Server Time Out
Last month, the Federal
Communications Commission dialed in a $1.275 billion subsidy to help schools,
libraries, and rural health care providers purchase Internet service. The
program, which will help pay for Internet access and internal data wiring at
the educational and health facilities, resurrects a two century old debate in
the political economy: What services should the federal government
subsidize?
Under
the rubric of "universal service," the feds already require business and urban
phone customers to subsidize rural customers to the tune of $1.7 billion. Some
states mandate phone discounts for the poor and make up the difference by
boosting other users' bills. In the name of universal service, the federal
Rural Electrification Administration spends $33 million subsidizing electric
power for upcountry customers. And since its inception, the government has
subsidized postal service to rural addresses at the expense of urban
customers.
Universal service's original proponents
maintain these services are so essential to modern civilization that it would
be unconscionable to allow the market to price them beyond the reach of the
less affluent.
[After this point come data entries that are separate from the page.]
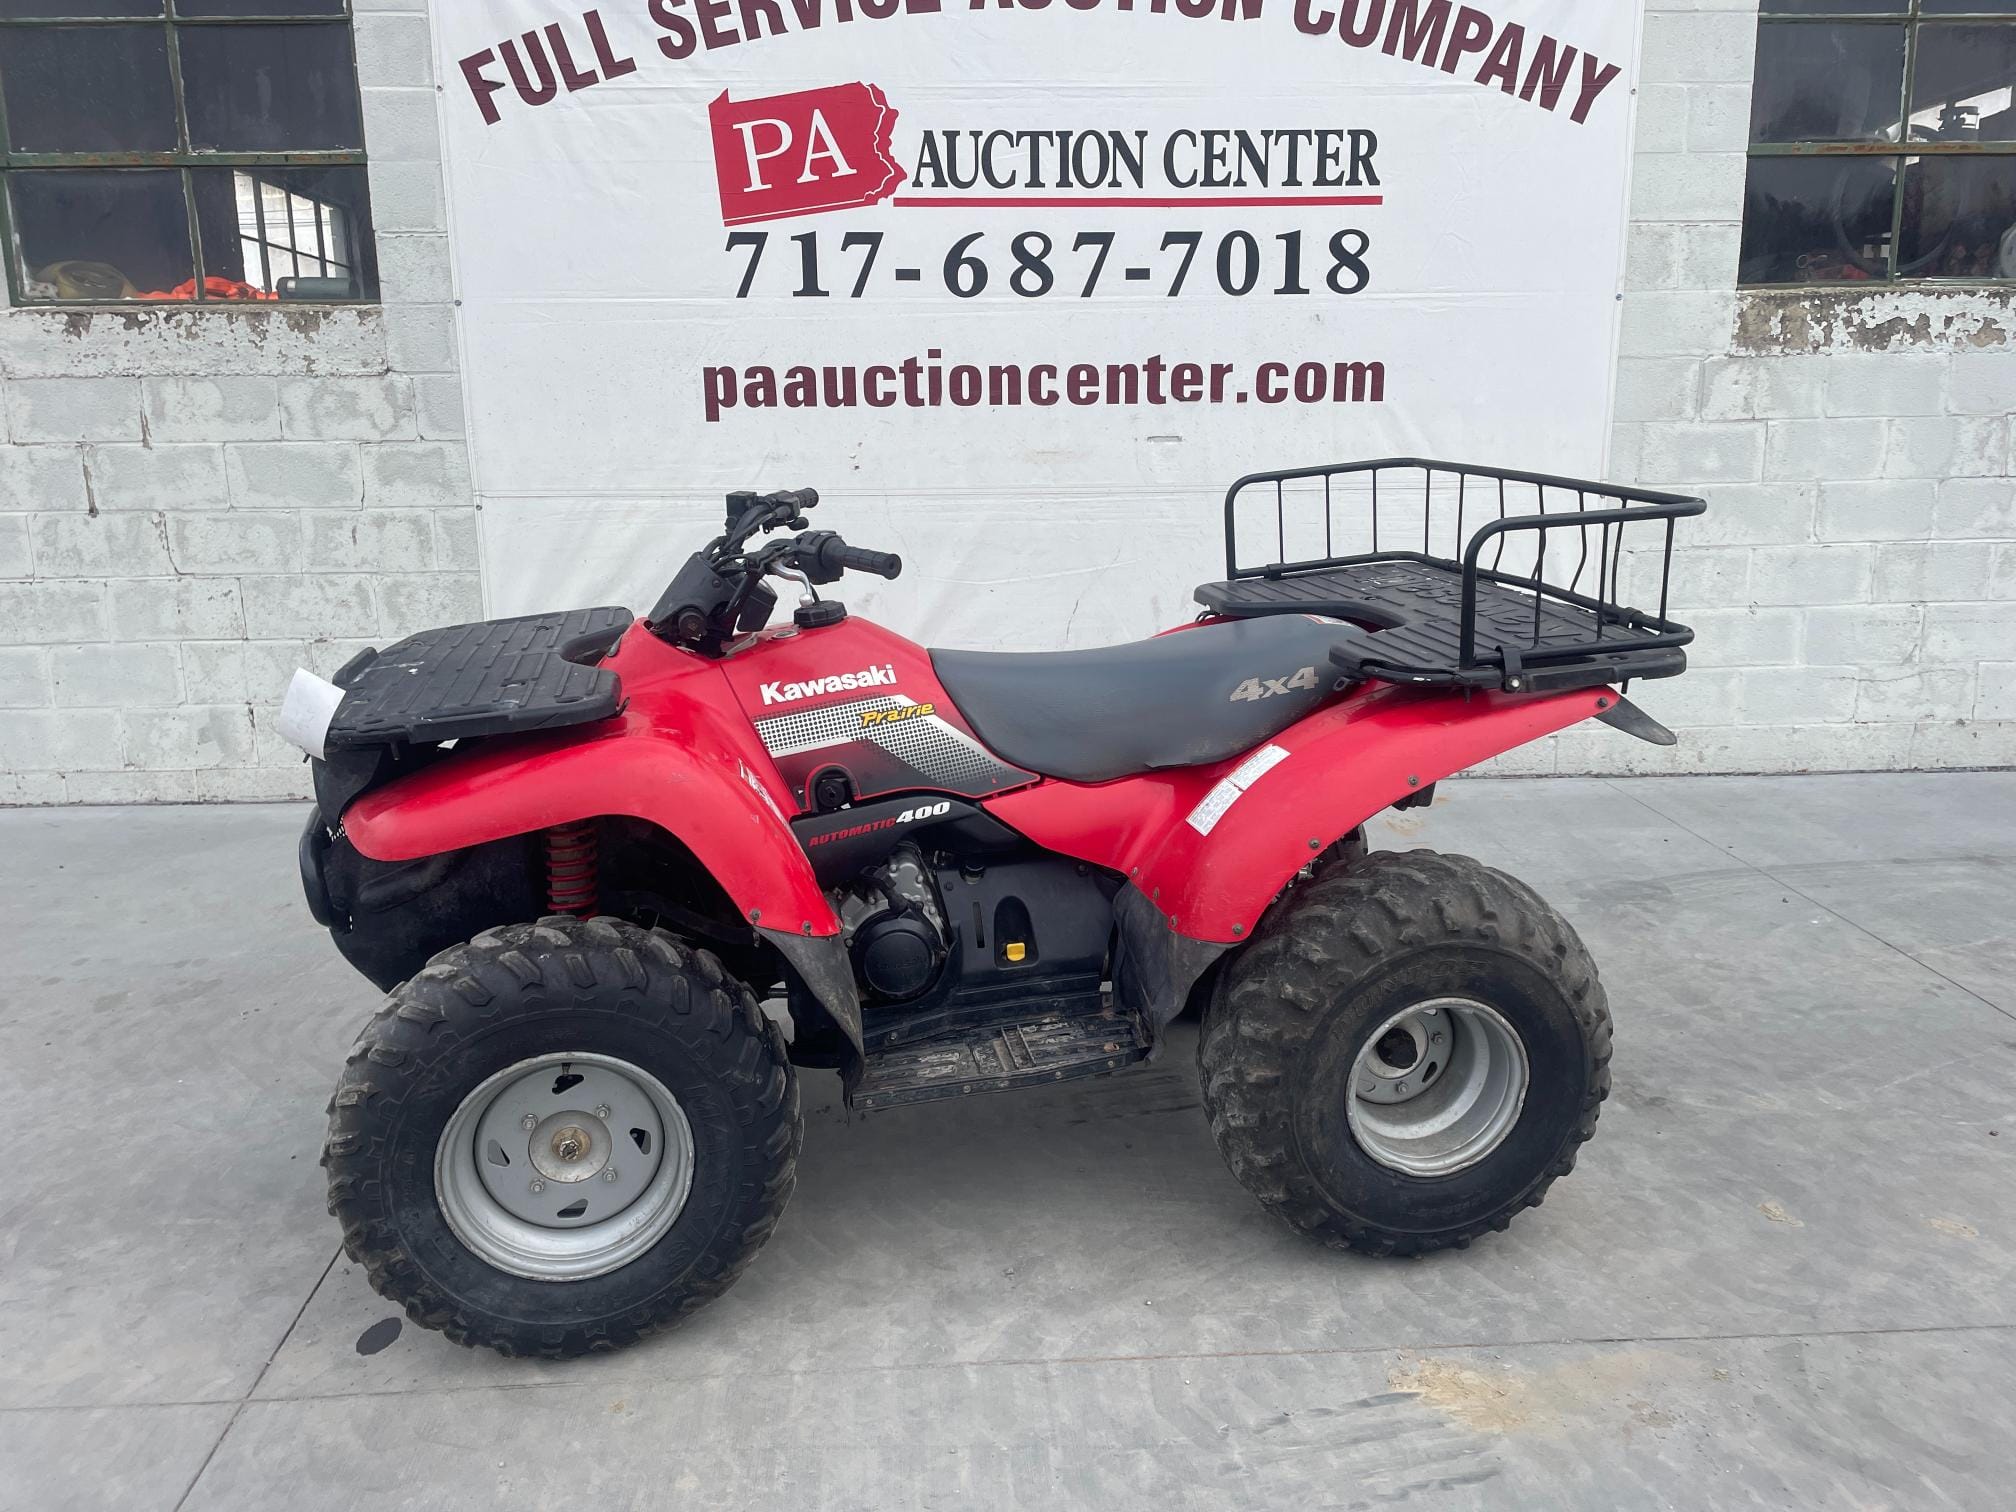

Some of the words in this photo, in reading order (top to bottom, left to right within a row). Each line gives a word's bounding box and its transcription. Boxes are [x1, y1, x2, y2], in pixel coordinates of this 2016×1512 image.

[459, 9, 637, 125] FULL
[732, 108, 858, 193] PA
[911, 129, 1148, 189] AUCTION
[1163, 128, 1380, 188] CENTER
[724, 228, 1370, 298] 717-687-7018
[702, 348, 1385, 422] paauctioncenter.com
[760, 664, 897, 705] Kawasaki
[1229, 666, 1319, 702] 4x4
[860, 702, 934, 729] Prairie
[807, 817, 897, 847] AUTOMATIC
[895, 801, 950, 825] 400
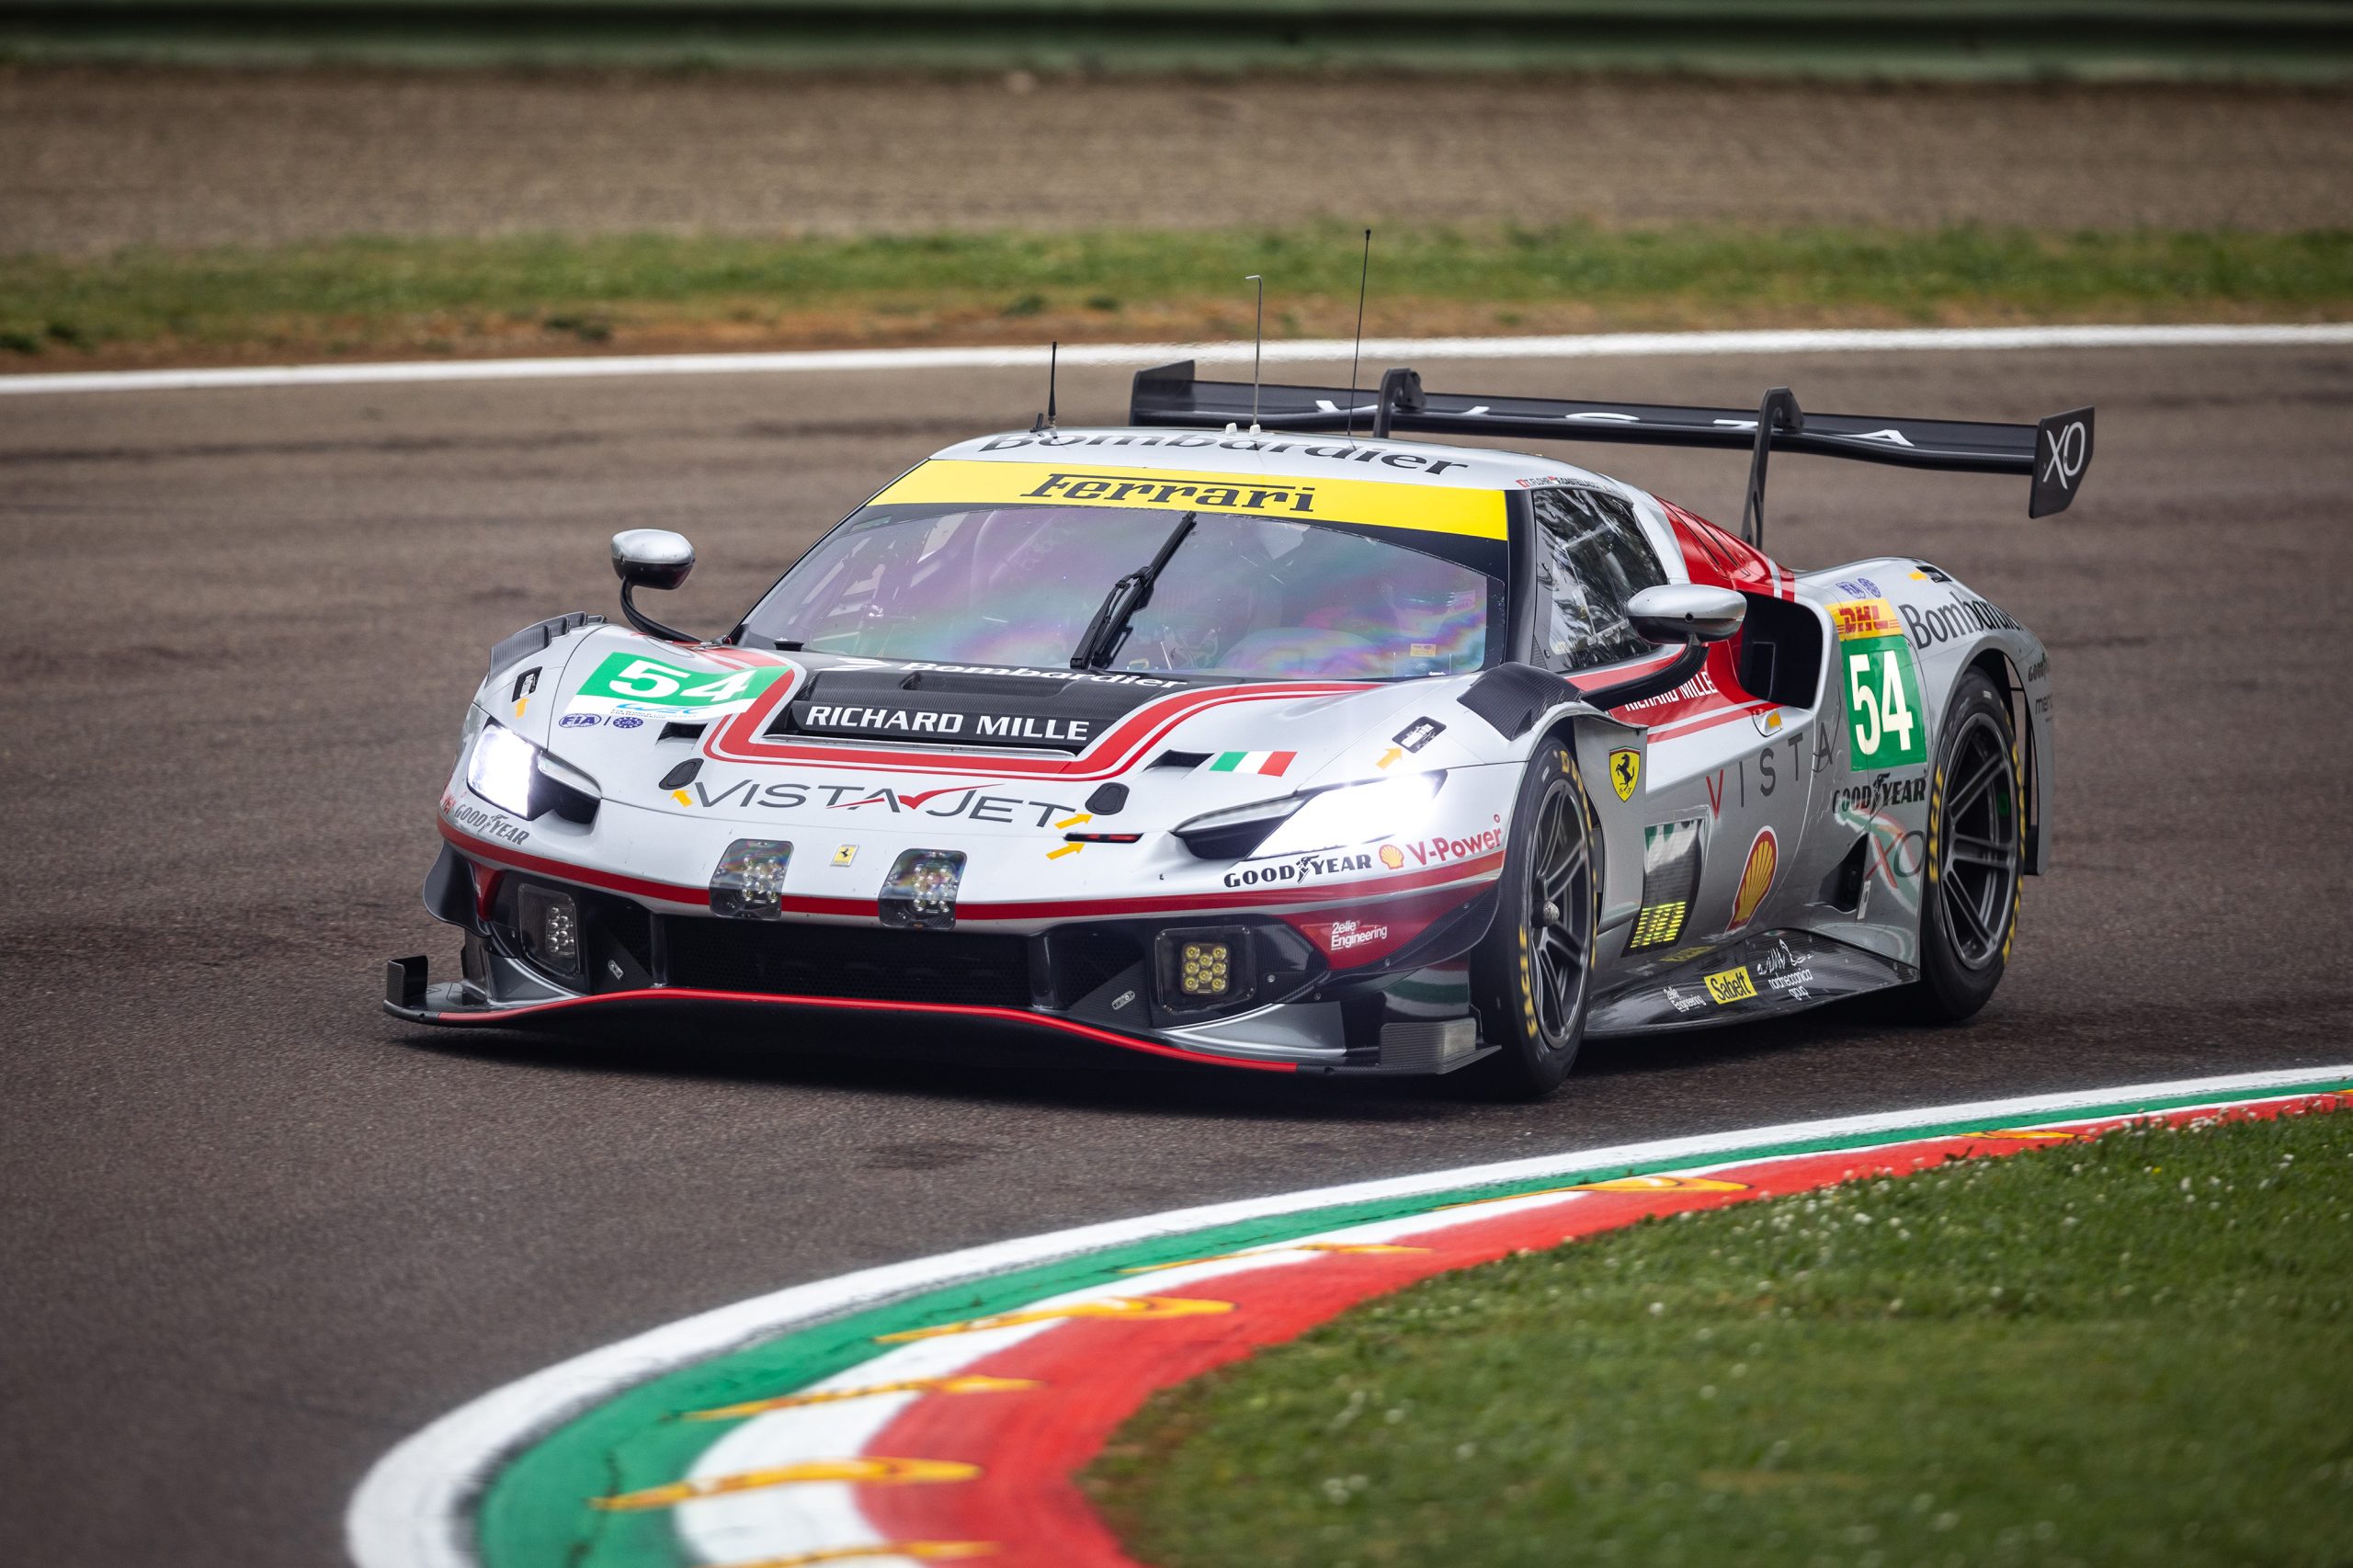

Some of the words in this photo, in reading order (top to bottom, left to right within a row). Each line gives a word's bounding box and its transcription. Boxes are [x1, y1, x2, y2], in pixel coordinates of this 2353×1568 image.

[978, 433, 1468, 475] Bombardier
[2042, 421, 2086, 490] XO
[1020, 473, 1315, 512] Ferrari
[1839, 605, 1889, 633] DHL
[608, 659, 757, 702] 54
[898, 662, 1188, 688] Bombardier
[561, 715, 597, 726] FIA
[1849, 650, 1914, 755] 54
[805, 705, 963, 733] RICHARD
[975, 715, 1089, 741] MILLE
[453, 803, 530, 846] GOODYEAR
[1406, 824, 1502, 866] V-Power
[1864, 830, 1926, 889] XO
[1223, 853, 1372, 888] GOODYEAR
[1331, 926, 1388, 948] Engineering
[1332, 920, 1357, 935] 2elle
[1711, 971, 1752, 1001] Sabelt
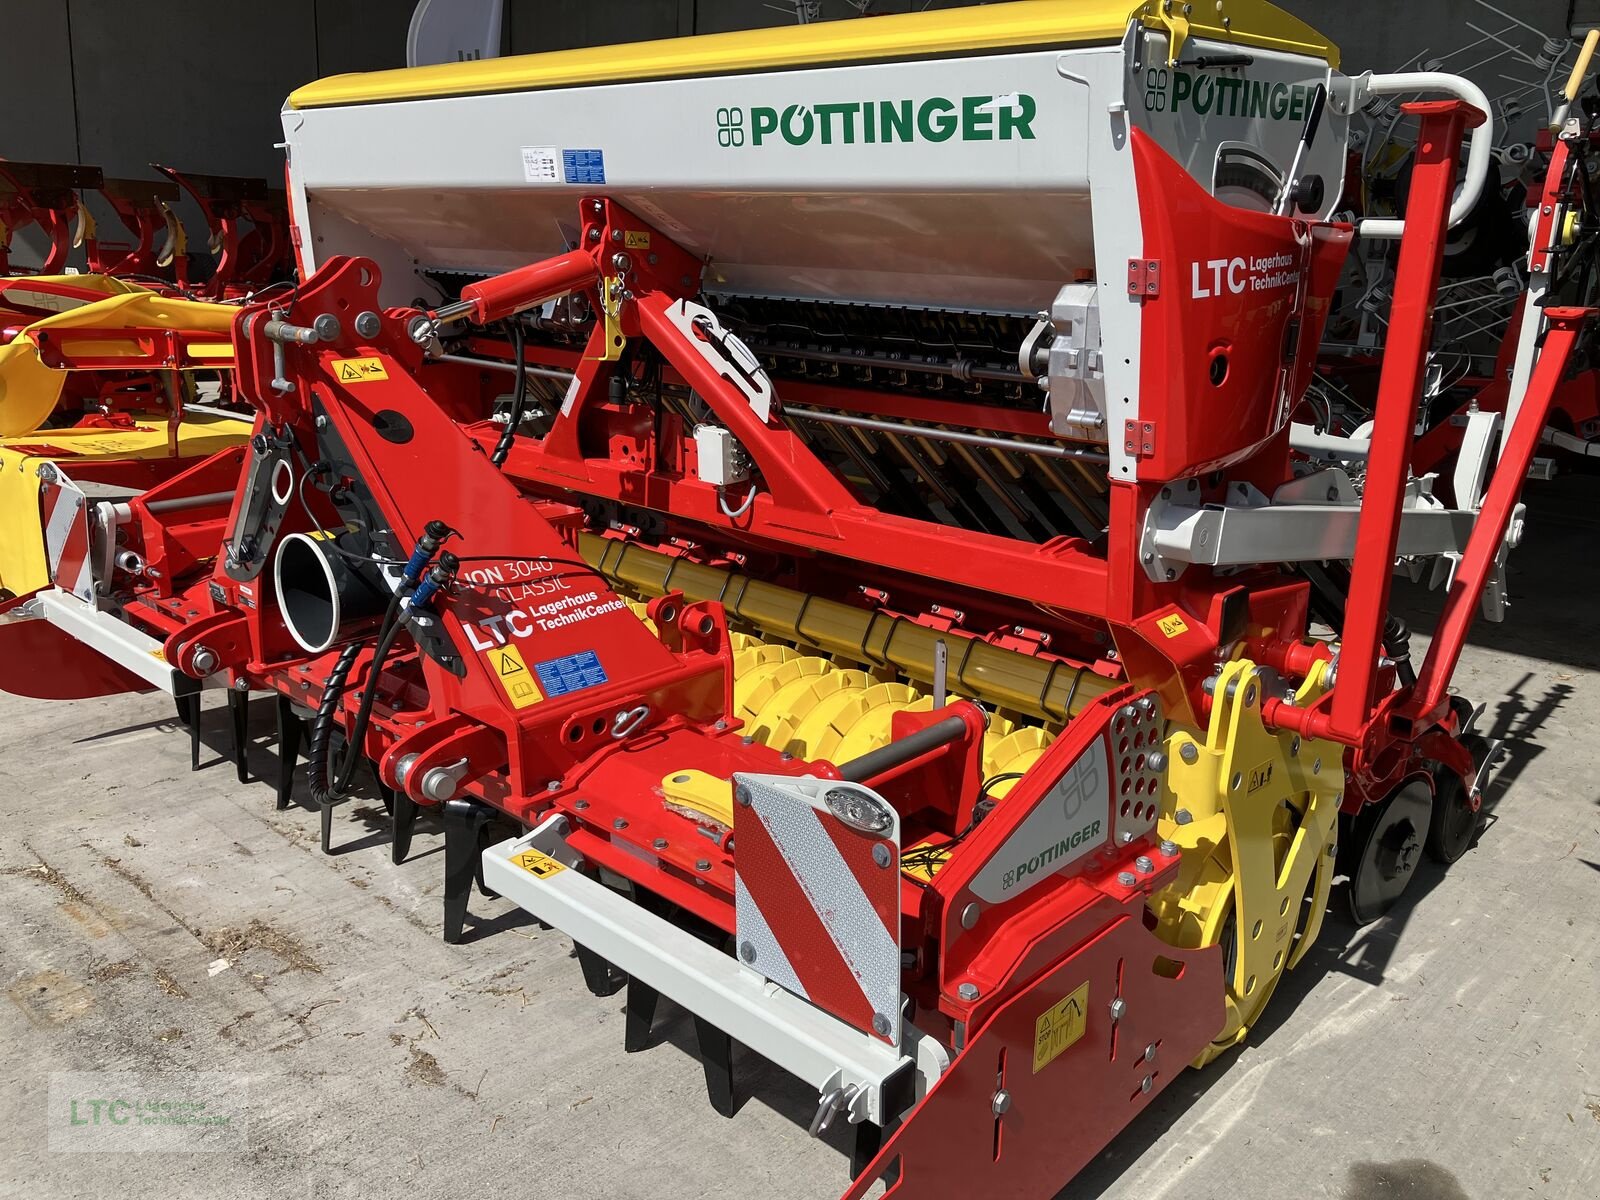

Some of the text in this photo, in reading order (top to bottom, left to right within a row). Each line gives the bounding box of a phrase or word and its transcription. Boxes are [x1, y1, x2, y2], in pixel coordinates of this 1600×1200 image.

In that spirit, the government currently believes the
Internet--which just a few years ago was considered a luxury --is now a
necessity .
The
merits of universal telephone and postal service aside, there are several
strong arguments against an Internet subsidy:
1) You can
live and learn quite handsomely without access to the Internet.
2) Many of
the poorer rural communities that have applied for the subsidy lack the high
speed phone lines that make the Internet worthwhile, keeping them Internet
have-nots.
3) Where
fast rural lines are available, schools and libraries can scarcely afford
textbooks and periodicals, let alone new computers and training for Web
surfing.
4) However well-meaning
the new subsidy, technology is moving so fast that the old regulatory
apparatus--based on permanent scarcity and obstacles of distance--don't apply
to the Internet.
If the
federal government is serious about making Internet access affordable to
schools and libraries, it should disconnect this program.
The Internet "e-rate" subsidies, as they're
known, were authorized under the 1996 Telecommunications Act and are funded
with new taxes on long-distance telephone companies, the size of each company's
contribution depending on its market share. AT&T and MCI have protested the
tax and pledged to pass the cost on to consumers: MCI charges 5 percent on all
out of state long-distance calls, and AT&T charges a flat rate. The FCC has
received 30,000 e-rate applications and expects to start handing out funds this
summer.
In
places like rural Alabama, Mississippi, Louisiana, New Mexico, and Arizona,
where there are no high speed Internet lines, schools might be willing to
settle for POT (plain old telephone) connections to the Internet at 56 kps. But
few Internet service providers serve rural America, because the current number
of consumers is too small for them to make money. For these communities, the
FCC's e-rate department recommends dial-up services like AOL that offer 800
access at a pricey 10 cents a minute premium. If you connect 12 hours a day and
six days a week to the Internet via AOL's 800 line, you'll pay $22,727.40 a
year (assuming an AOL service rate of $21.95 a month).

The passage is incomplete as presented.